Es como cuando el avión despega, cuando todas las cosas que acabamos de dejar ahí abajo, en el mundo que hemos vivido hasta un minuto antes, parecen pequeñas e insignificantes. Nos sentimos ligeros: como este Sevilla de campeones que hacen las cosas más difíciles con naturalidad y sin esfuerzo. Pero cuidado, “quien vuela alto siempre está solo”, como decía Rudolf Nureyev. Y a esta soledad debe acostumbrarse el equipo de Lopetegui, que se ha hecho grande día tras día.
Ha criado a sus jugadores ahora fenomenales: de Bono, que no ha tenido goles en un siglo, a Diego Carlos que lo protege y luego va a marcar saltando por encima de las estrellas, de Jordan (¿cuánto vale ya?) a Oliver Torres (que va a valer mucho de aquí a poco), reyes del centro campo, y Suso y Munir disfrutando poniendo espinas en el flanco de la defensa oponente, hasta De Jong que deja de ser un patito para hacerse cisne. La admiración que han expresado a plena voz los adversarios de Osasuna hace el resto.

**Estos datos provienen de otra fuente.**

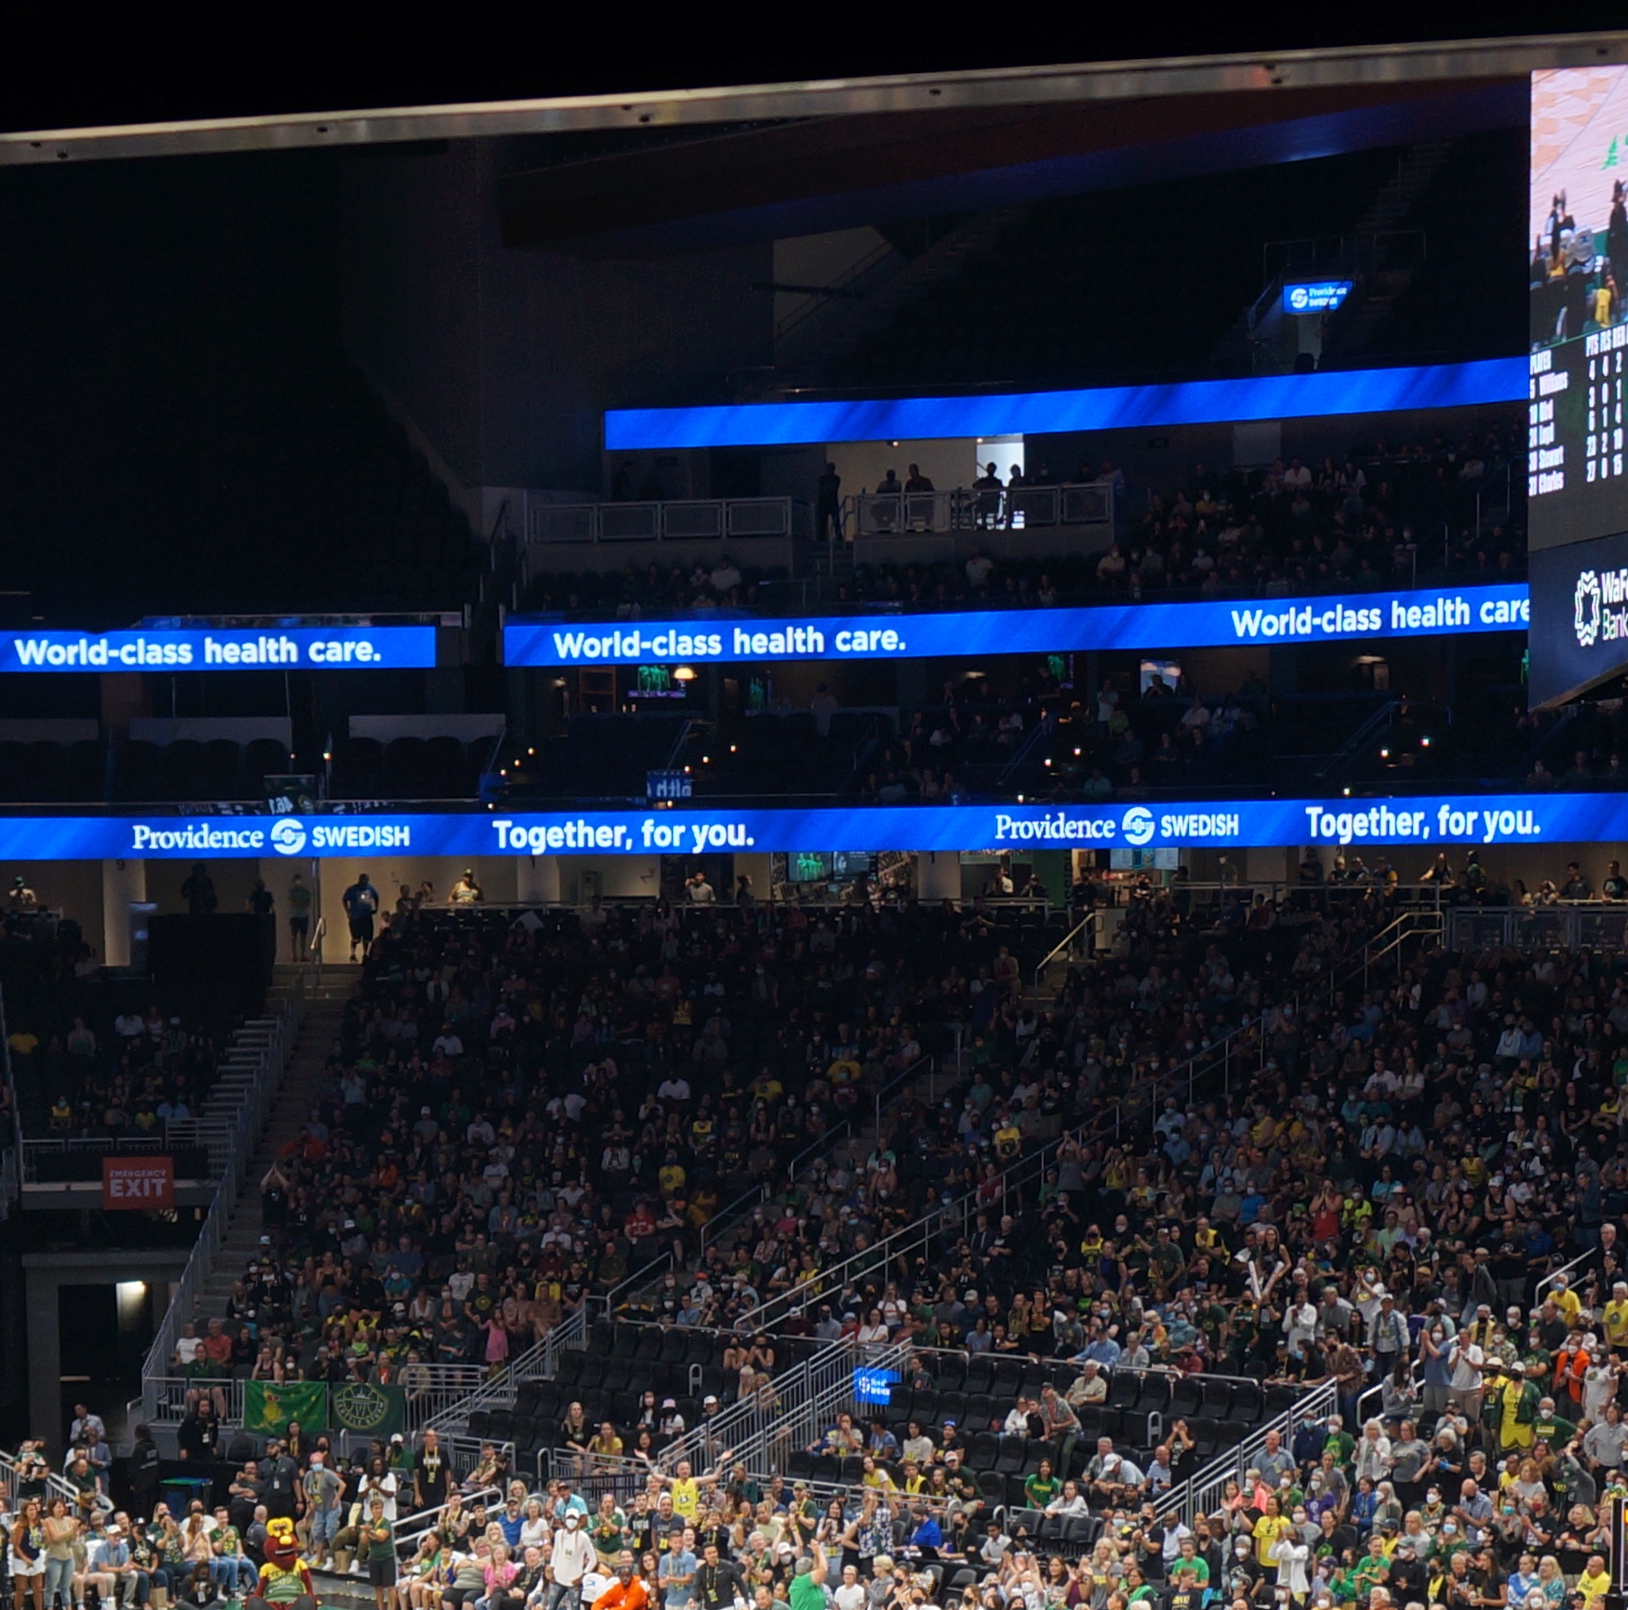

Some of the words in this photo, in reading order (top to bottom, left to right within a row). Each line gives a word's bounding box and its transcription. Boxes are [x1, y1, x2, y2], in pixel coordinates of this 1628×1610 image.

Como se ha hecho hasta ahora, hay que seguir viviendo con ligereza y sin imponerse metas. Terceros en la clasificación, con el doble partido con el Barca a las puertas (el primero en la casa, el segundo en Cataluña pero con dos goles de ventaja para la final de la Copa del Rey), una hazaña imposible pero posible en Alemania contra el Dortmund, todo cuadra, todo es felicidad. El Sevilla está honrando con su juego (y sus extraordinarios resultados) el juego del fútbol, pero es un juego y debe seguir siéndolo. Con esta mentalidad se puede viajar hasta las estrellas. Sin esfuerzo.